La señorita Annie Motleri oyó llamar a la puerta y fue a abrir. Era el notario, doctor
Alberto Fassi, viejo amigo suyo. Ella observó que su abrigo estaba mojado, señal de
que afuera llovía. Dijo:
—¡Oh, qué alegría, querido doctor Fassi! Pase, pase.
Él, sonriendo, entró y le tendió la mano.

A la señorita Annie le dio un vuelco el corazón cuando oyó que alguien llamaba a la
puerta. Se levantó prontamente de la butaquita donde estaba bordando y corrió a
abrir. Vio al viejo notario Fassi, amigo de la familia, que desde hacía muchos meses
no daba señales de vida. Parecía más pesado y mucho más corpulento de como ella
lo recordaba. Quizá también porque llevaba un impermeable negro demasiado
largo, que le caía a grandes pliegues, brillante por la lluvia, chorreando lluvia.
Annie hizo un esfuerzo y sonrió, diciendo:
—¡Oh, qué agradable sorpresa, querido doctor Fassi!
El hombre entró a pasos lentos y le tendió la robusta mano para saludarla.
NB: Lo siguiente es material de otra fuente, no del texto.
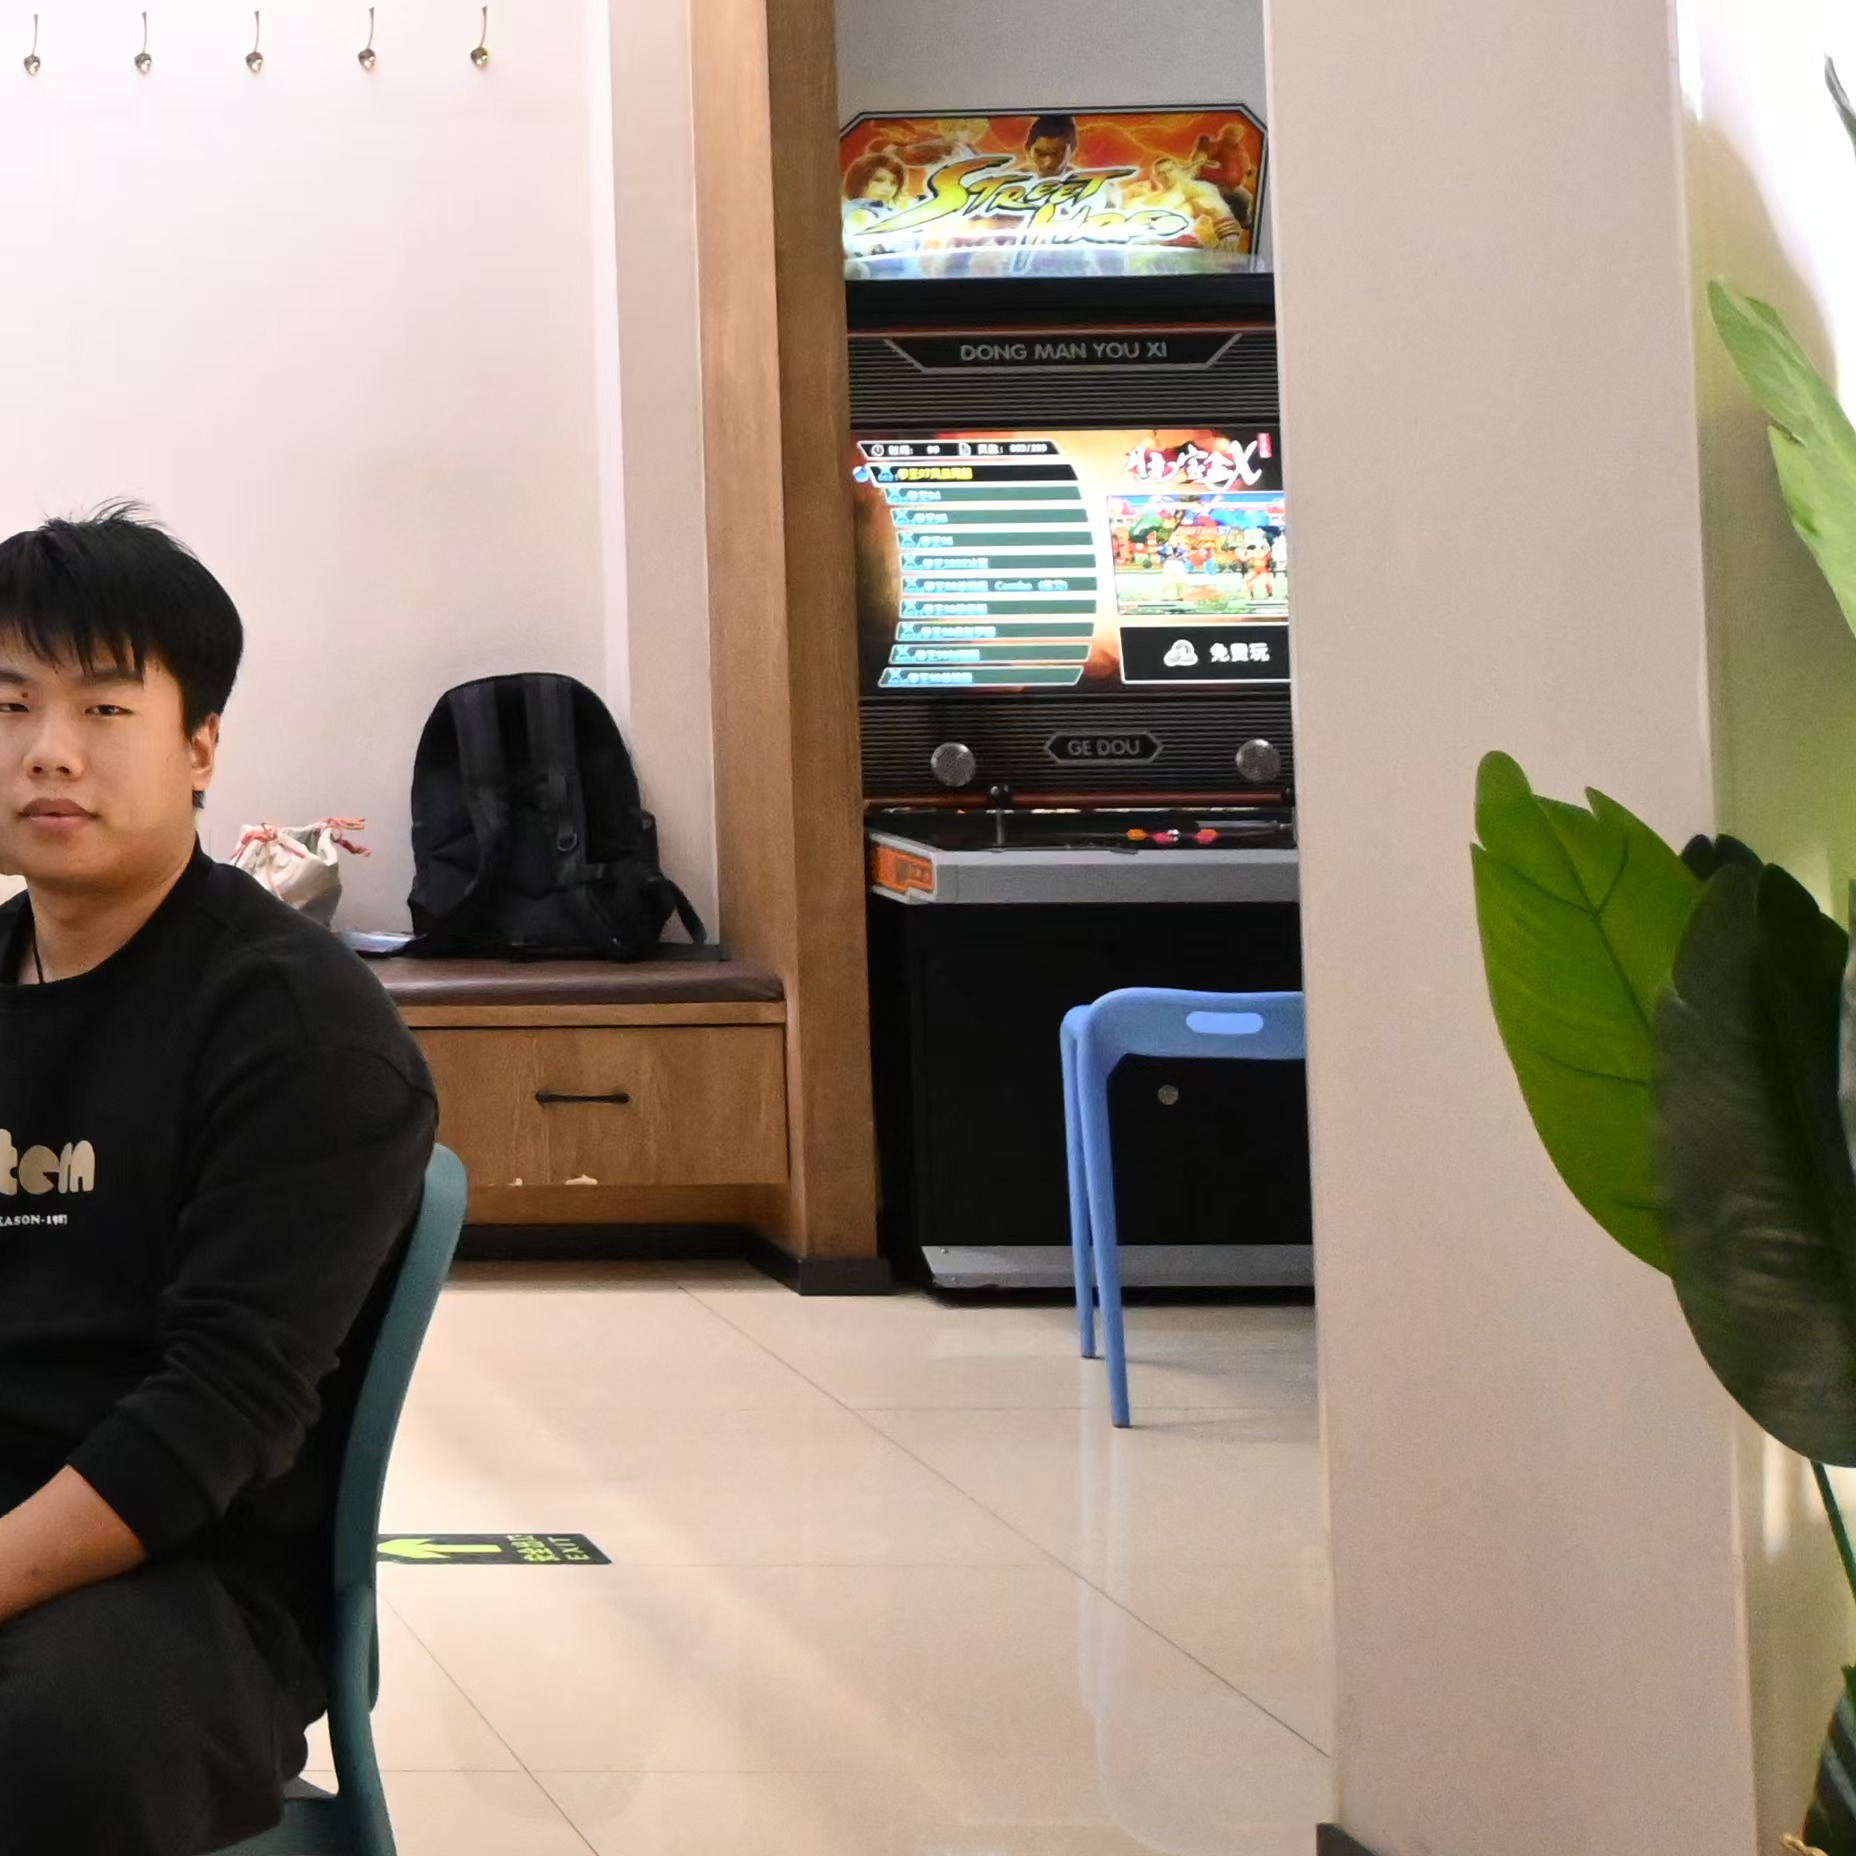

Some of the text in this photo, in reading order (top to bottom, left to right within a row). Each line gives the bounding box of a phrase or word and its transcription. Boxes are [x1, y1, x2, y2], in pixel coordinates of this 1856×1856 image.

[960, 341, 1168, 361] DONG MAN YOU XI
[1067, 739, 1140, 757] GE DOU
[548, 1536, 591, 1561] EXIT
Ya marchita, la señorita Motleri, que estaba bordando en el salón iluminado por la


lívida luz de aquella tarde lluviosa, se arreglaba con la mano izquierda un mechón
de cabellos grises que le había caído sobre la frente, cuando oyó unos impetuosos
golpes en la puerta. Tuvo entonces un violento estremecimiento nervioso en la
butaquita, se levantó con brusquedad y se precipitó a abrir la puerta. Se encontró
ante un hombre robusto que llevaba un impermeable de hule negro, con escamas,
duro y viscoso, rezumando agua. Así de pronto creyó reconocer al viejo doctor
Fassi, notario, un amigo de los viejos tiempos, y forzando sus labios en una sonrisa
dijo:
—¡Oh, qué agradable sorpresa, qué agradable sorpresa! Pero pase, por favor,
entre.
A lo que el visitante se introdujo en el vestíbulo con gran retumbar de pasos
como si fuese un gigante y le tendió la mano ancha y musculosa para saludarla.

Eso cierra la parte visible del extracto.